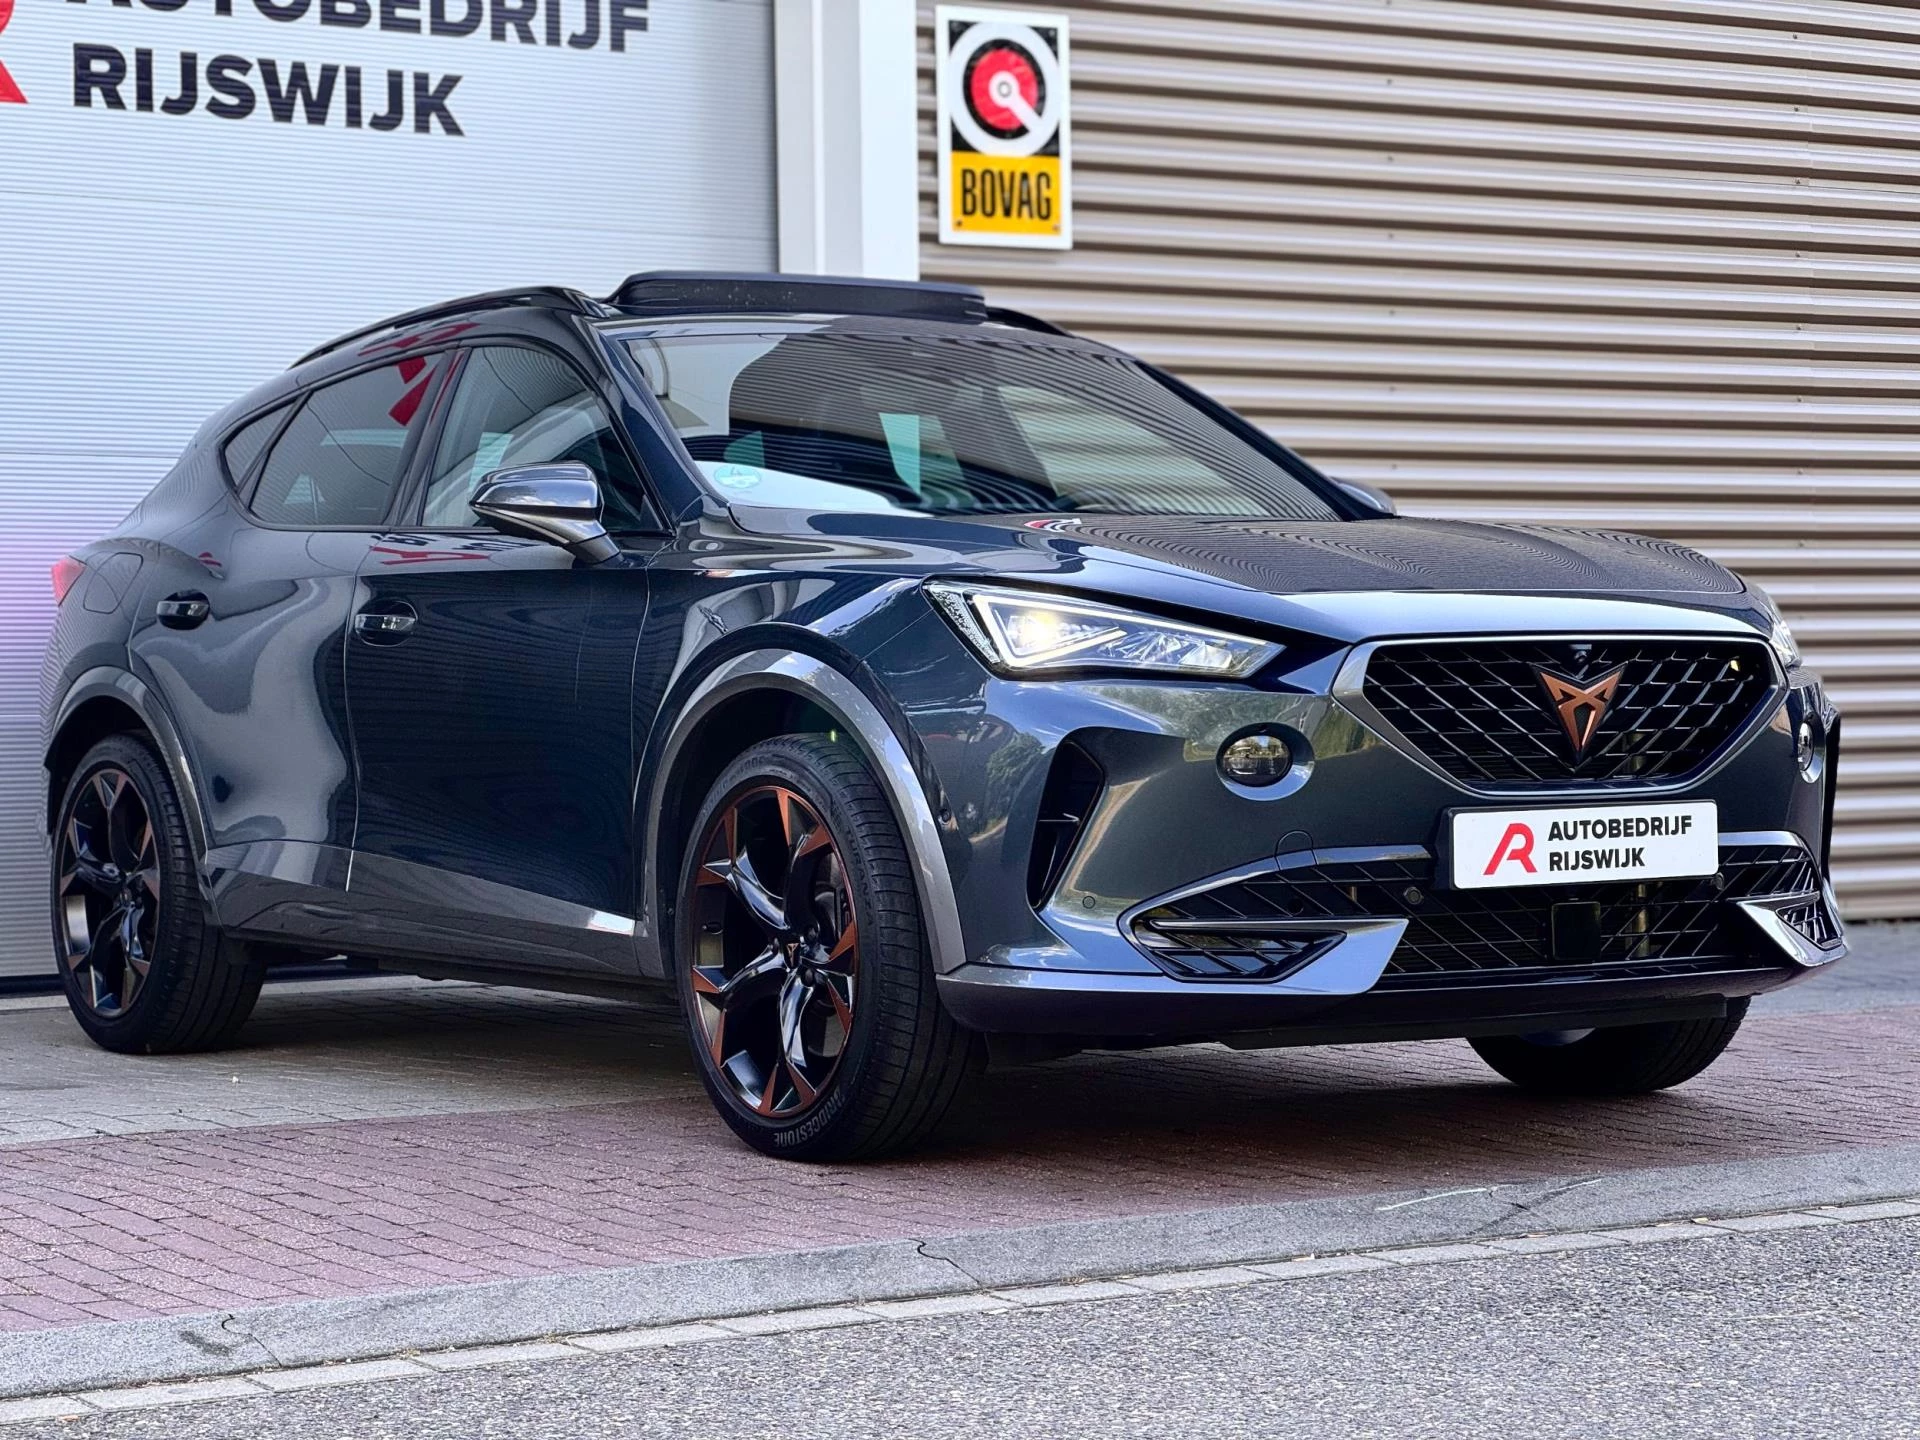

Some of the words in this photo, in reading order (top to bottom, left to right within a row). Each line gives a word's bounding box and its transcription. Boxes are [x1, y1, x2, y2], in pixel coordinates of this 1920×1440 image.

[66, 0, 649, 53] EDRIJF
[73, 42, 465, 137] RIJSWIJK
[961, 168, 1052, 220] BOVAG
[1548, 815, 1693, 841] AUTOBEDRIJF
[1549, 848, 1646, 872] RIJSWIJK
[773, 1085, 846, 1148] BRIDGESTONE
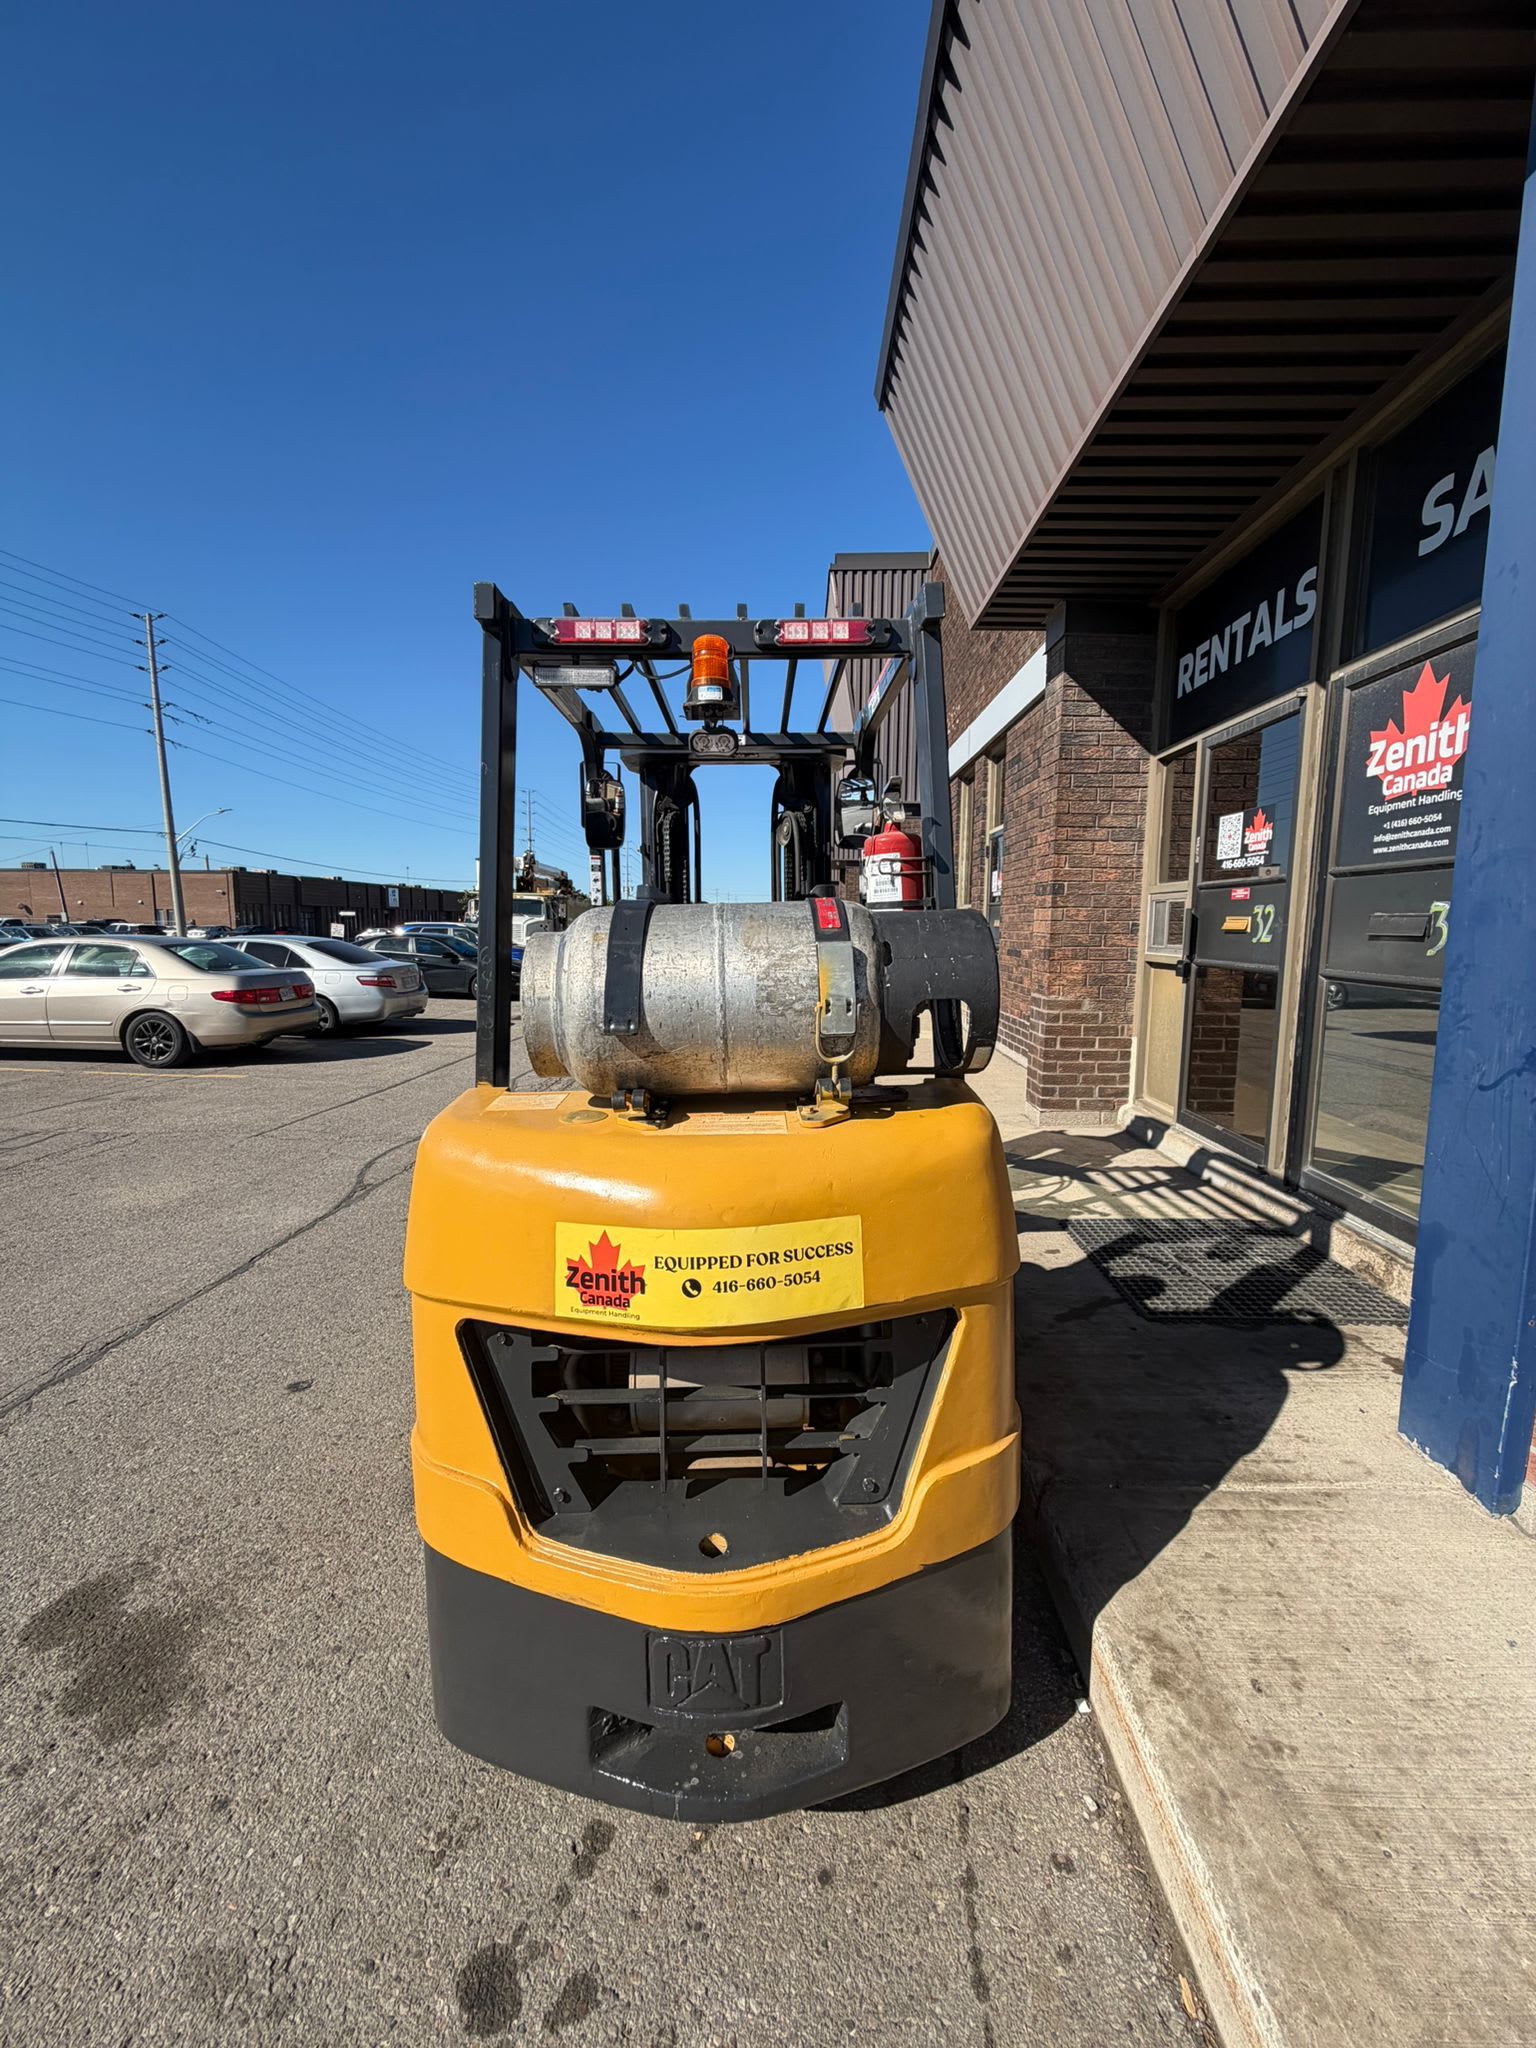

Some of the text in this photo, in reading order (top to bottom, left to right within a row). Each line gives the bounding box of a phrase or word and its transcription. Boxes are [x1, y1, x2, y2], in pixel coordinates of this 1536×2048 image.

[1418, 445, 1497, 557] SA
[1177, 566, 1318, 699] RENTALS
[1382, 761, 1453, 796] Canada
[1368, 789, 1463, 815] Equipment Handling
[1373, 825, 1452, 842] info@zenithcanada.com
[1391, 818, 1408, 829] (416)
[1408, 813, 1443, 826] 660-5054
[1244, 827, 1273, 845] Zenith
[1373, 839, 1449, 854] www.zenithcanada.com
[1221, 855, 1265, 869] 416-660-5054
[1251, 904, 1276, 944] 32
[1425, 901, 1451, 956] 3
[654, 1241, 854, 1273] EQUIPPED FOR SUCCESS
[566, 1266, 646, 1295] Zenith
[712, 1270, 821, 1293] 416-660-5054
[579, 1291, 631, 1308] Canada
[570, 1306, 640, 1320] Equipment Handling
[652, 1636, 772, 1707] CAT

────────────────

Copy exactly the lines above, from the one containing "Some of the text" through the very last line.

> **Worked solution**
Some of the text in this photo, in reading order (top to bottom, left to right within a row). Each line gives the bounding box of a phrase or word and its transcription. Boxes are [x1, y1, x2, y2], in pixel coordinates of this 1536×2048 image.

[1418, 445, 1497, 557] SA
[1177, 566, 1318, 699] RENTALS
[1382, 761, 1453, 796] Canada
[1368, 789, 1463, 815] Equipment Handling
[1373, 825, 1452, 842] info@zenithcanada.com
[1391, 818, 1408, 829] (416)
[1408, 813, 1443, 826] 660-5054
[1244, 827, 1273, 845] Zenith
[1373, 839, 1449, 854] www.zenithcanada.com
[1221, 855, 1265, 869] 416-660-5054
[1251, 904, 1276, 944] 32
[1425, 901, 1451, 956] 3
[654, 1241, 854, 1273] EQUIPPED FOR SUCCESS
[566, 1266, 646, 1295] Zenith
[712, 1270, 821, 1293] 416-660-5054
[579, 1291, 631, 1308] Canada
[570, 1306, 640, 1320] Equipment Handling
[652, 1636, 772, 1707] CAT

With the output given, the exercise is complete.